Metabolic acidosis is a frequent complication in non-transplant
chronic kidney disease (CKD) and after
kidney transplantation. It occurs when net endogenous
acid production exceeds net
acid excretion. While nephron loss with reduced ammoniagenesis is the main cause of
acid retention in non-transplant CKD patients, additional pathophysiological mechanisms are likely inflicted in kidney transplant recipients. Functional tubular damage by
calcineurin inhibitors seems to play a key role causing
renal tubular acidosis. Notably, experimental and clinical studies over the past decades have provided evidence that
metabolic acidosis may not only be a consequence of CKD but also a driver of disease. In
metabolic acidosis, activation of hormonal systems and the
complement system resulting in
fibrosis have been described.
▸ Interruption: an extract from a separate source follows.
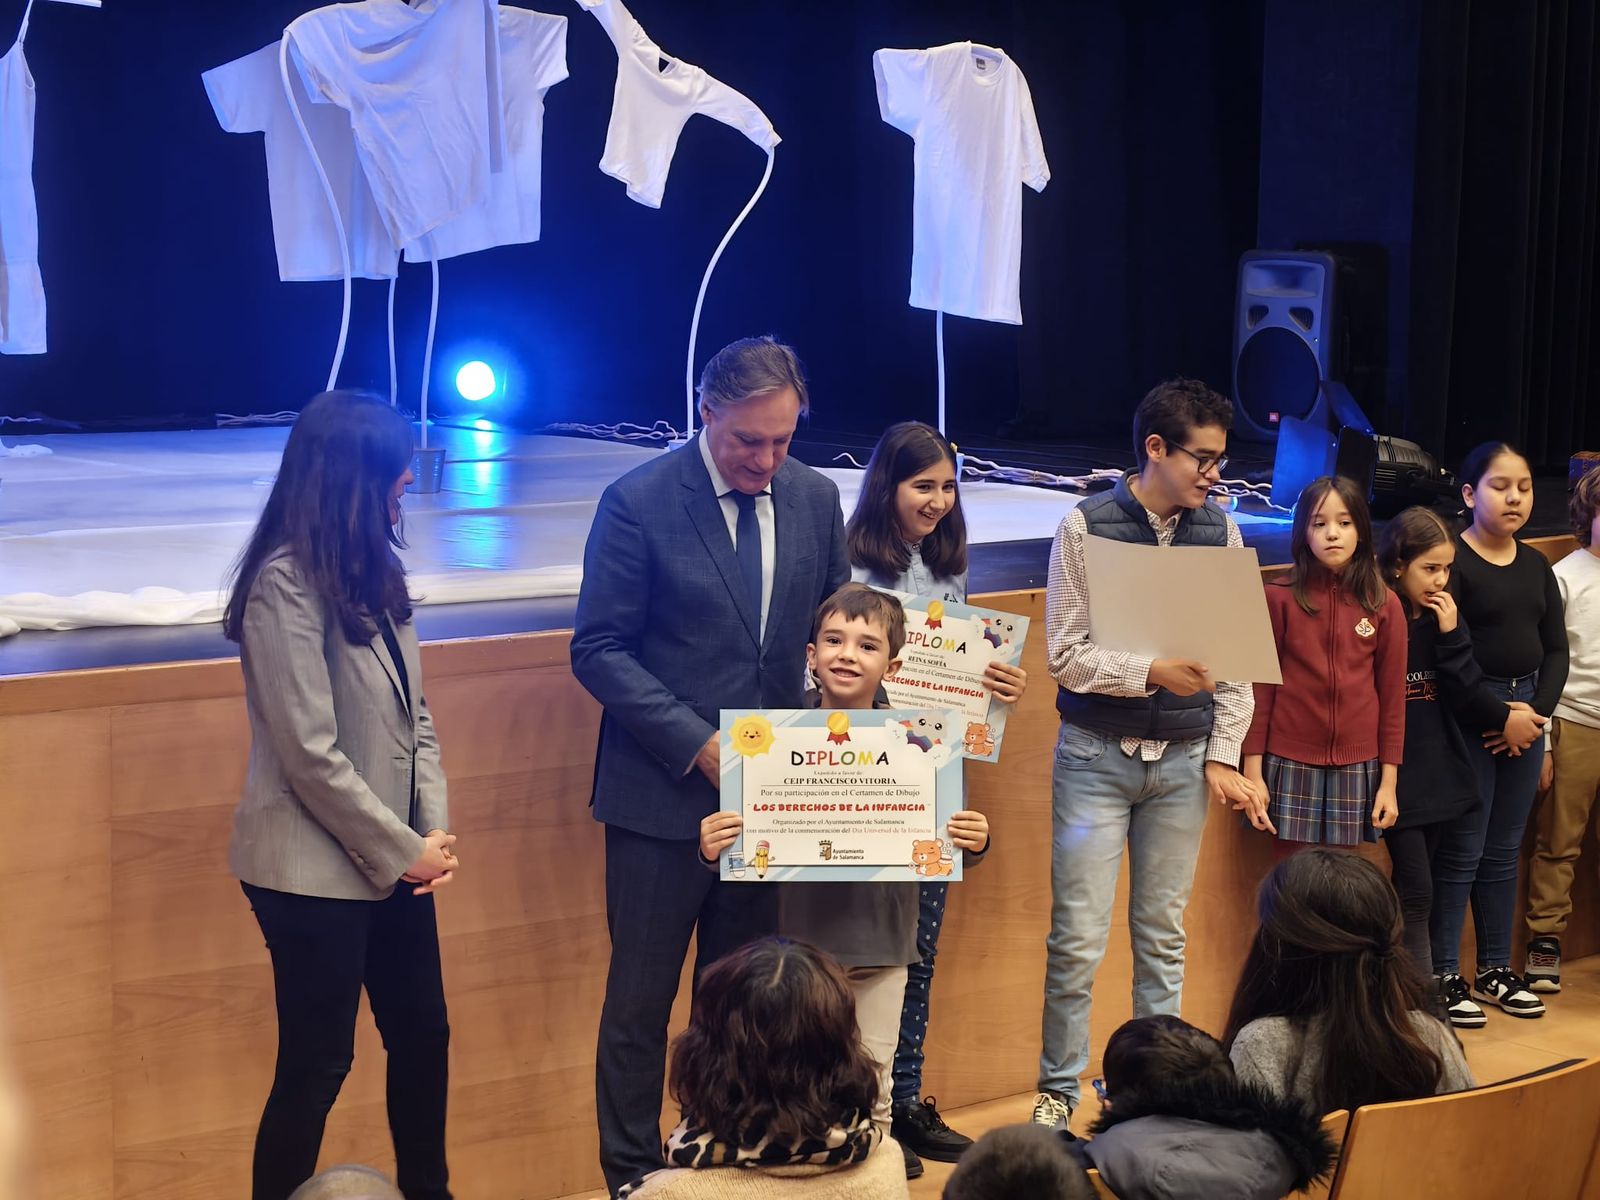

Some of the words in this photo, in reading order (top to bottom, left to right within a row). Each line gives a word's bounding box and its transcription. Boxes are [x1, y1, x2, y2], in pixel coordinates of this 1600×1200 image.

Further studies of changes in renal metabolism will likely contribute to a deeper understanding of the pathophysiology of
metabolic acidosis in CKD. While
alkali supplementation in case of reduced serum bicarbonate < 22 mmol/l has been endorsed by CKD guidelines for many years to slow renal functional decline, among other considerations, beneficial effects and thresholds for treatment have lately been under intense debate. This review article discusses this topic in light of the most recent results of trials assessing the efficacy of dietary and pharmacological interventions in CKD and kidney transplant patients.